The number of new businesses formed in the United States has dropped 23 percent since 2007. If the rate of start-ups had simply continued at its pre-recession pace, there'd be 1.8 million more jobs in the United States right now. It's hardly a given that boosting the number of start-ups further is the key to prosperity - after all, per Wimberley's figures, countries like Germany and Austria seem to get by just fine with dismal startup rates. Still, focusing on new businesses seems like a better target for policy than focusing on small businesses per se.

 

Consumer Spending:

 

With the recent uptick in consumer spending giving our economy a little lift, we thought it would be interesting to take a look at where the money is going.

 

Europe:

 

The euphoria over Europe's latest rescue package faded quickly. Now, will European leaders actually implement measures needed to end the sovereign debt crisis? Will they get another chance?

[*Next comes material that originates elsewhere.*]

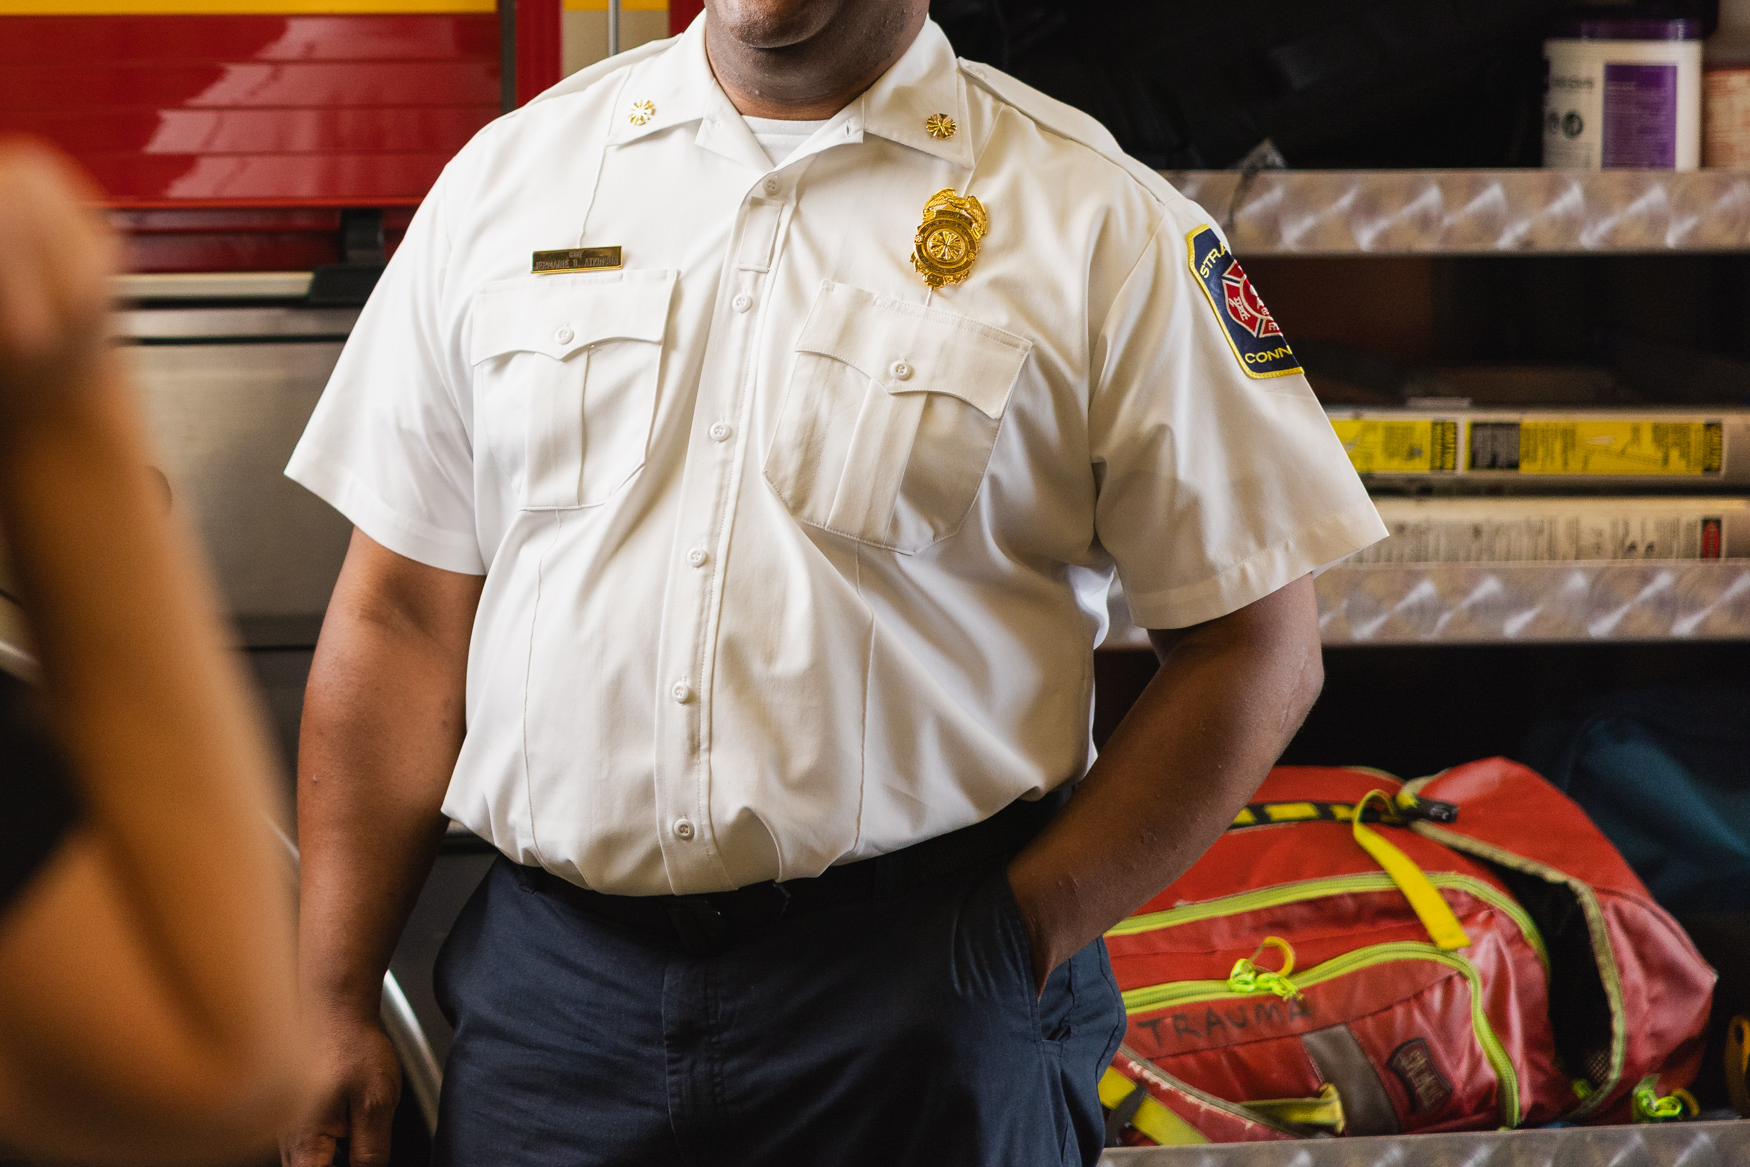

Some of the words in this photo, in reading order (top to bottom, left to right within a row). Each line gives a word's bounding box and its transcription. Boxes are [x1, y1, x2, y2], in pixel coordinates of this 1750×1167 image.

[1199, 241, 1227, 279] STRA
[1244, 344, 1293, 364] CONN
[1137, 997, 1312, 1048] TRAUMA
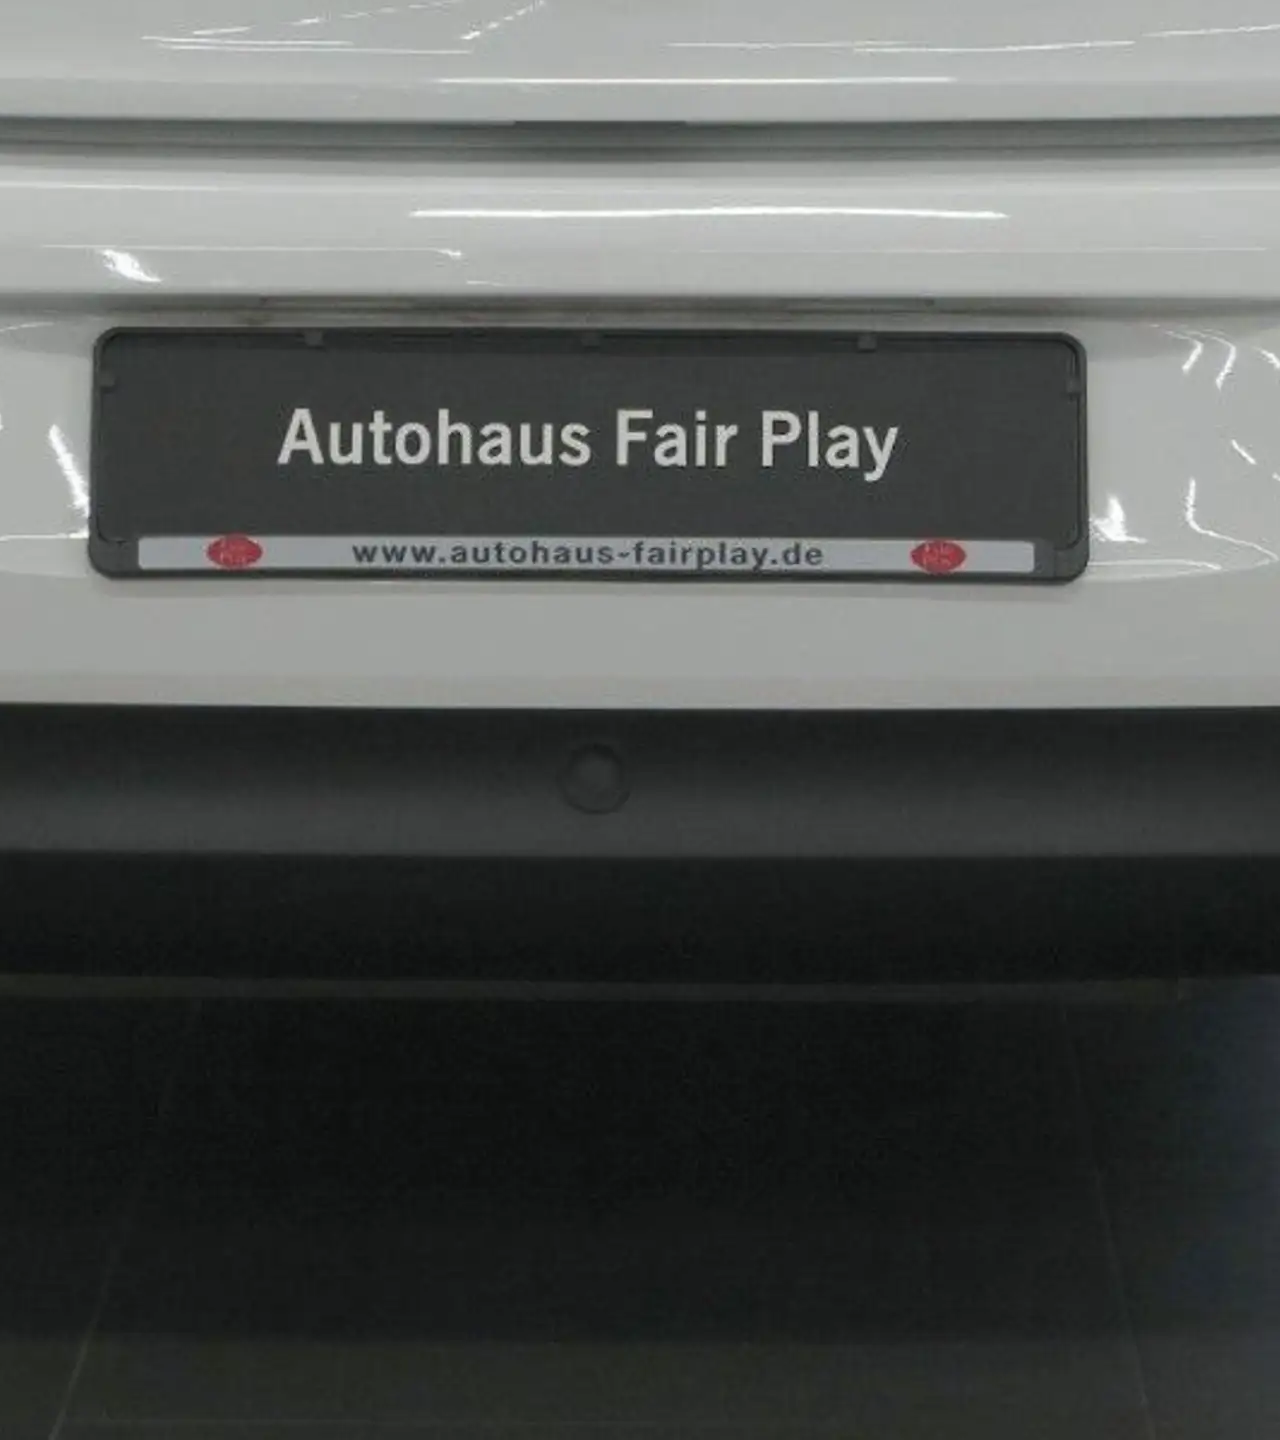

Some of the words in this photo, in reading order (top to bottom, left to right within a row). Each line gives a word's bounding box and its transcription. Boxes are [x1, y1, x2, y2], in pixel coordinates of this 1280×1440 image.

At least European leaders got the pieces right this time. They have recognized that a plan must include big write downs of sovereign debt, recapitalization of the banking system and guarantees for newly issued government bonds.

 

If implemented, the plan would reduce Greece's debt by less than 50 percent, raise about 100 billion Euros in new capital and boost the guarantee capacity of the European Financial Stability Facility to about 1 trillion Euros. (A need for 3 Trillion Euros may be closer to reality).

 

The plan's shortfalls may be intentional. German Chancellor Angela Merkel and European Central Bank officials blocked the only credible option, an open promise from the ECB that it stands ready to buy trillions of euros in government bonds. The Germans and ECB want assurances they won't end up financing more irresponsible government spending.

 

Germany and the ECB are betting that incremental rescues, together with occasional bond purchases by the central bank, can keep the situation from spinning out of control, while maintaining the pressure needed to get big nations, such as Italy, to give up some fiscal sovereignty.

 

Surrendering sovereign budgets to the ECB is a monumental shift. The reforms they seek require treaty changes that could take years to carry out. Meanwhile, the doubts over Europe's future will weigh on the region's economy, pushing more, and larger, governments to the point where their debts become unbearable and aggravating concerns about the health of the banking system. At some point, investors will refuse to lend to sovereigns and banks at any price. The strain will exceed the ECB's ability to contain them.